Спустя два дня ветер и волны вынесли плоты со скитальцами на широкий песчаный пляж, над которым возвышались скалистые горы, заросшие у подножия настоящими абрикосовыми джунглями – заплетенными хмелем, заросшими яркими лютиками, незабудками и колокольчиками. Но самое главное – здесь из-под зеленой стены пробивалась к морю мелководная река со сладкой пресной водой.
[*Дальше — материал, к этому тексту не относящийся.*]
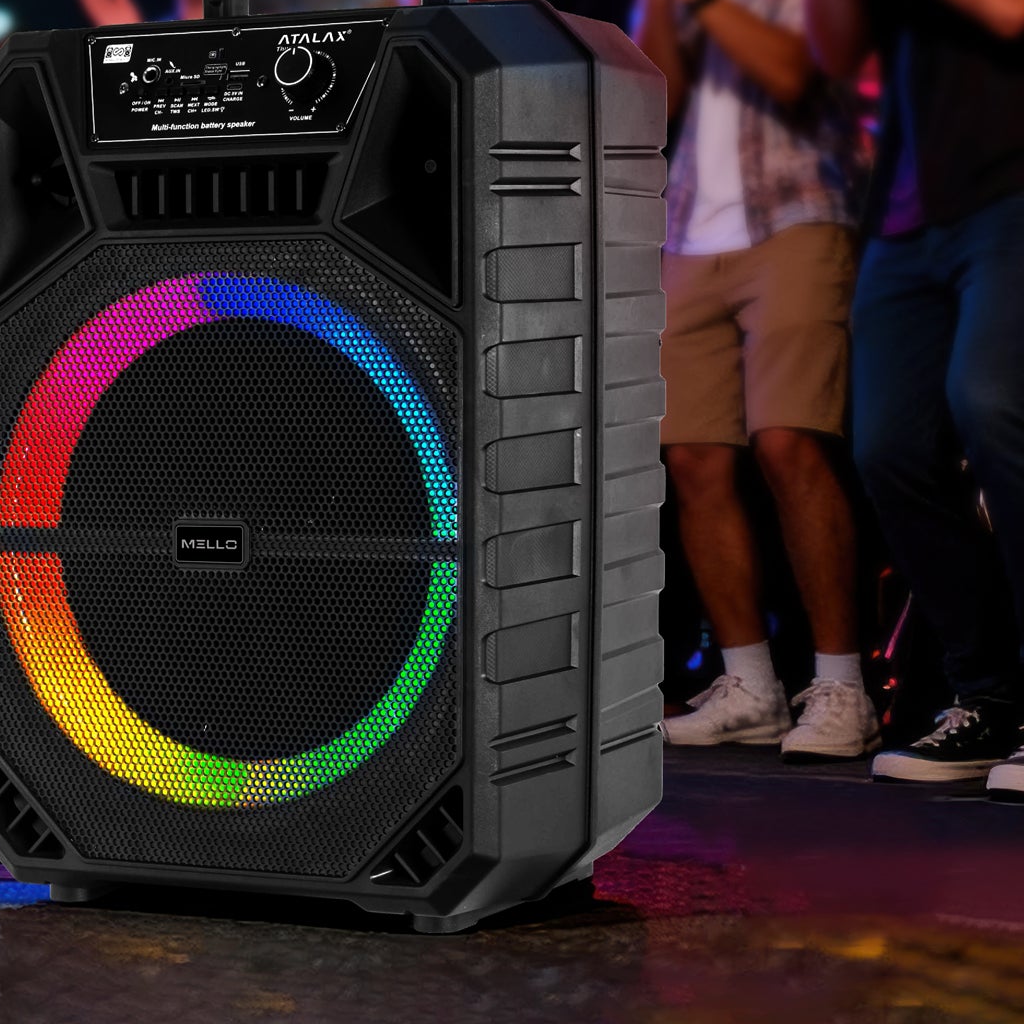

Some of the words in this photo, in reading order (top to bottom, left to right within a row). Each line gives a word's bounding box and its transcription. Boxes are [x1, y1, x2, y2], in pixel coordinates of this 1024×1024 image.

[151, 123, 199, 131] Multi-function
[200, 122, 225, 130] battery
[226, 120, 256, 128] speaker
[181, 539, 237, 550] MELLO
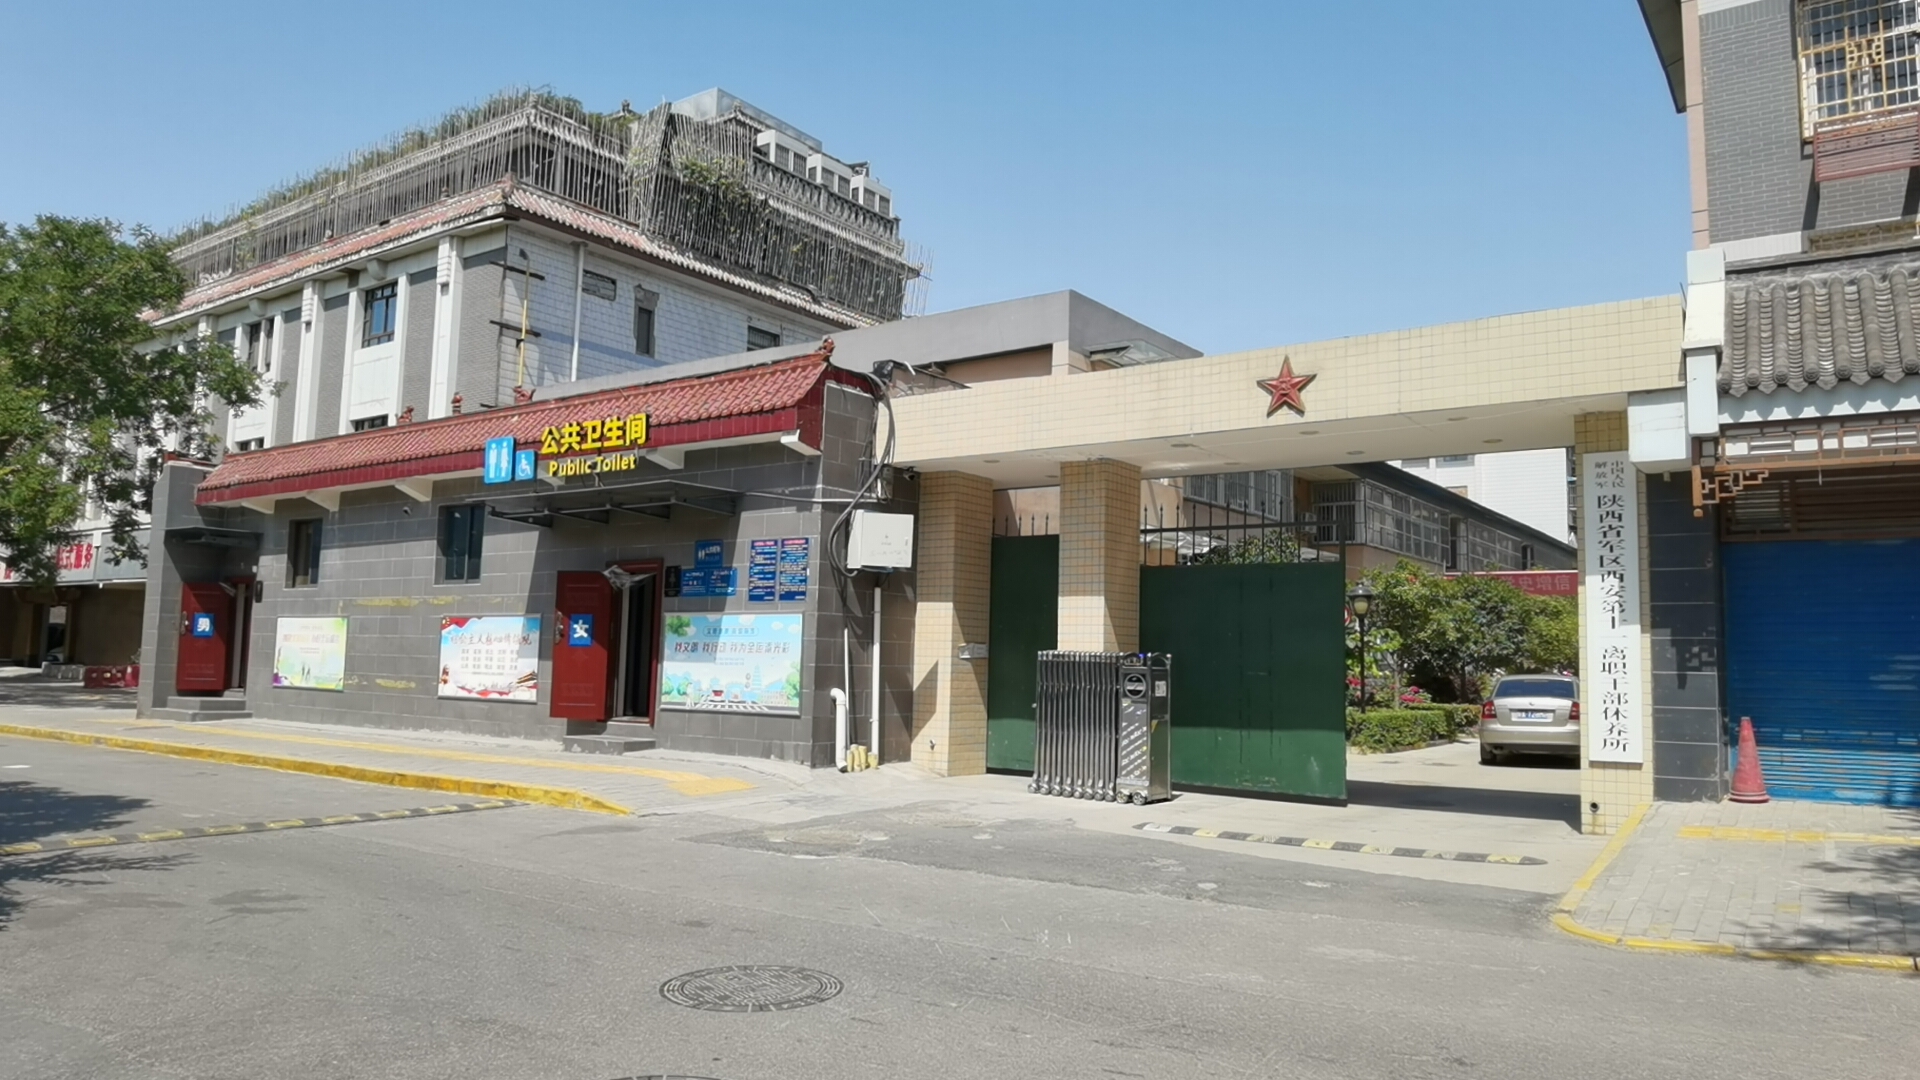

Пробираться через плотную растительность оказалось непросто – но зато путники смогли вдосталь наесться сладкими фруктами. После долгого пресного однообразия из одной только печеной рыбы это место показалось бывшим степнякам истинным раем, покидать который никому не хотелось.
Четыре дня люди наслаждались отдыхом. На пятый – по побережью примчалось несколько сотен всадников, одетых в плотные доспехи из толстой кожи, вооруженных длинными тяжелыми копьями с наконечниками из черного обсидиана, с плетеными щитами на крупах скакунов, с длинными дубинками на поясах и увесистыми колчанами на луках седел.
Казалось бы – не такая уж большая армия… Но это если забыть про то, что за спиной Золотарева находились только женщины и дети. К тому же – совершенно безоружные.
Всадники вытянулись вдоль берега в две линии, отрезав пришельцев от абрикосовых зарослей, и опустили копья.
Наступила зловещая тишина.
– Наконец-то! – громко сказал воспитанник братства и подошел ближе к всадникам, остановившись перед одним из них, спрятавшим лицо под смеющейся серебряной маской.